Problem to solve
Please copy the data exactly as it stands, minus the images.

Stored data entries
_____

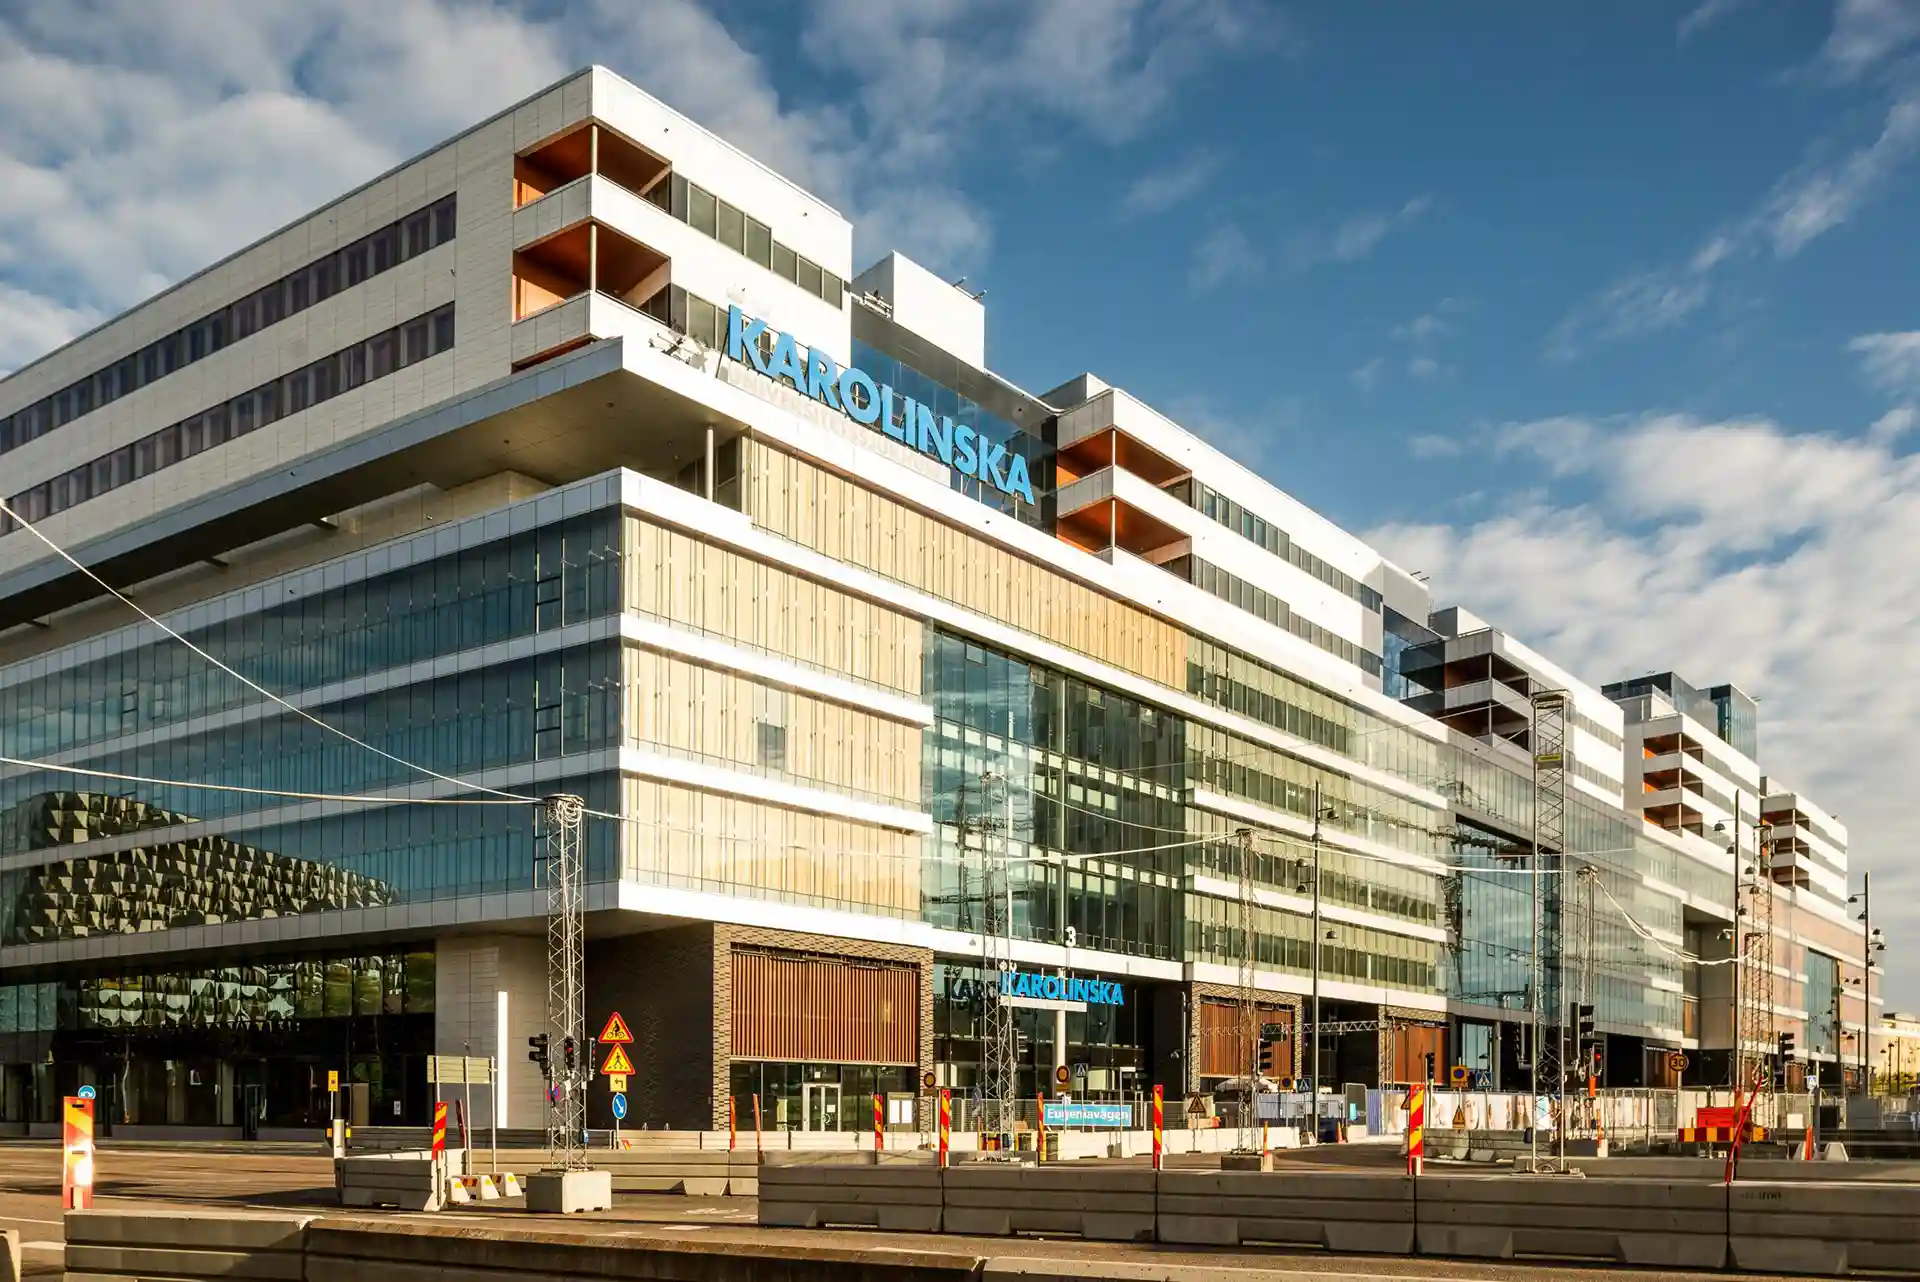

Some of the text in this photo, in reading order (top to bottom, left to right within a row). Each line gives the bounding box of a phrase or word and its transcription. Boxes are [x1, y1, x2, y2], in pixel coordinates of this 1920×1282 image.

[729, 304, 1034, 505] KAROLINSKA
[1065, 926, 1076, 946] 3
[1001, 972, 1124, 1005] KAROLINSKA
[1671, 1058, 1685, 1068] 30

_____

Completed exercise
Some of the text in this photo, in reading order (top to bottom, left to right within a row). Each line gives the bounding box of a phrase or word and its transcription. Boxes are [x1, y1, x2, y2], in pixel coordinates of this 1920×1282 image.

[729, 304, 1034, 505] KAROLINSKA
[1065, 926, 1076, 946] 3
[1001, 972, 1124, 1005] KAROLINSKA
[1671, 1058, 1685, 1068] 30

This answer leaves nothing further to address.